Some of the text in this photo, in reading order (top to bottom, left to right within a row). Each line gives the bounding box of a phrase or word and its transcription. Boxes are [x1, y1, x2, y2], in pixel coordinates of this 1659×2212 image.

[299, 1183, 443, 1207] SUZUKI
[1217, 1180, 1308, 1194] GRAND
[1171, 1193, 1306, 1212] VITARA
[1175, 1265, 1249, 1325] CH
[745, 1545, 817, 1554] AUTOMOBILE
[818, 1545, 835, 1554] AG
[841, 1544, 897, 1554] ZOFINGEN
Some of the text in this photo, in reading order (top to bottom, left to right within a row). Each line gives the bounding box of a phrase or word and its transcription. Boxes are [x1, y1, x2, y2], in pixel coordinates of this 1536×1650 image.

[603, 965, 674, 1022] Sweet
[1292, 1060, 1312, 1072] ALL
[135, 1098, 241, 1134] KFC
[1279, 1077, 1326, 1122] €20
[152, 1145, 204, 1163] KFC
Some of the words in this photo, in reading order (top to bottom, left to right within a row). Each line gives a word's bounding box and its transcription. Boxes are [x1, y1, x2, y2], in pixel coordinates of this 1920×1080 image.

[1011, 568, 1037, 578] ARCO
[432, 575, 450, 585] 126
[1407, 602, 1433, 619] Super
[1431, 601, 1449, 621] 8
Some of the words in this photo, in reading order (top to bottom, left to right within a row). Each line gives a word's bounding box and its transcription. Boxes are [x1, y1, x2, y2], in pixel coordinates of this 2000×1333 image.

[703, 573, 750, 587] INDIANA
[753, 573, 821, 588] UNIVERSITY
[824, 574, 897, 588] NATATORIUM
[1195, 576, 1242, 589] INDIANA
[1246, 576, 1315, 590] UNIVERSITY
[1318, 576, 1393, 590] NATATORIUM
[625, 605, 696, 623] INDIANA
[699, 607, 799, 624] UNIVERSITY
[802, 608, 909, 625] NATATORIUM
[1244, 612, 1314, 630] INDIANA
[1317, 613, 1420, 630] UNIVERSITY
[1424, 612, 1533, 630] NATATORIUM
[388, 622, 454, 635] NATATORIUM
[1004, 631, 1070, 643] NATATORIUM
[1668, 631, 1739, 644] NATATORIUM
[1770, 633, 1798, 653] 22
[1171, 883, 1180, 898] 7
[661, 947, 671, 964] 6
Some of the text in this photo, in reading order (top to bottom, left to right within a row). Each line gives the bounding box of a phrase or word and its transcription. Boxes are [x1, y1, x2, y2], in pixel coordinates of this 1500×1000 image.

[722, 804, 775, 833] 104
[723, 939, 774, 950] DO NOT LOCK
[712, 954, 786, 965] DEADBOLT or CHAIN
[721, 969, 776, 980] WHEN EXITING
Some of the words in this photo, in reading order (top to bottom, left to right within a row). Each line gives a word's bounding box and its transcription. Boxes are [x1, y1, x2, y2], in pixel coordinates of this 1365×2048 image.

•••

Required action: Retype the material in full, character for character.

Exercise solution:
Some of the text in this photo, in reading order (top to bottom, left to right within a row). Each line gives the bounding box of a phrase or word and its transcription. Boxes are [x1, y1, x2, y2], in pixel coordinates of this 1659×2212 image.

[299, 1183, 443, 1207] SUZUKI
[1217, 1180, 1308, 1194] GRAND
[1171, 1193, 1306, 1212] VITARA
[1175, 1265, 1249, 1325] CH
[745, 1545, 817, 1554] AUTOMOBILE
[818, 1545, 835, 1554] AG
[841, 1544, 897, 1554] ZOFINGEN
Some of the text in this photo, in reading order (top to bottom, left to right within a row). Each line gives the bounding box of a phrase or word and its transcription. Boxes are [x1, y1, x2, y2], in pixel coordinates of this 1536×1650 image.

[603, 965, 674, 1022] Sweet
[1292, 1060, 1312, 1072] ALL
[135, 1098, 241, 1134] KFC
[1279, 1077, 1326, 1122] €20
[152, 1145, 204, 1163] KFC
Some of the words in this photo, in reading order (top to bottom, left to right within a row). Each line gives a word's bounding box and its transcription. Boxes are [x1, y1, x2, y2], in pixel coordinates of this 1920×1080 image.

[1011, 568, 1037, 578] ARCO
[432, 575, 450, 585] 126
[1407, 602, 1433, 619] Super
[1431, 601, 1449, 621] 8
Some of the words in this photo, in reading order (top to bottom, left to right within a row). Each line gives a word's bounding box and its transcription. Boxes are [x1, y1, x2, y2], in pixel coordinates of this 2000×1333 image.

[703, 573, 750, 587] INDIANA
[753, 573, 821, 588] UNIVERSITY
[824, 574, 897, 588] NATATORIUM
[1195, 576, 1242, 589] INDIANA
[1246, 576, 1315, 590] UNIVERSITY
[1318, 576, 1393, 590] NATATORIUM
[625, 605, 696, 623] INDIANA
[699, 607, 799, 624] UNIVERSITY
[802, 608, 909, 625] NATATORIUM
[1244, 612, 1314, 630] INDIANA
[1317, 613, 1420, 630] UNIVERSITY
[1424, 612, 1533, 630] NATATORIUM
[388, 622, 454, 635] NATATORIUM
[1004, 631, 1070, 643] NATATORIUM
[1668, 631, 1739, 644] NATATORIUM
[1770, 633, 1798, 653] 22
[1171, 883, 1180, 898] 7
[661, 947, 671, 964] 6
Some of the text in this photo, in reading order (top to bottom, left to right within a row). Each line gives the bounding box of a phrase or word and its transcription. Boxes are [x1, y1, x2, y2], in pixel coordinates of this 1500×1000 image.

[722, 804, 775, 833] 104
[723, 939, 774, 950] DO NOT LOCK
[712, 954, 786, 965] DEADBOLT or CHAIN
[721, 969, 776, 980] WHEN EXITING
Some of the words in this photo, in reading order (top to bottom, left to right within a row). Each line gives a word's bounding box and its transcription. Boxes are [x1, y1, x2, y2], in pixel coordinates of this 1365×2048 image.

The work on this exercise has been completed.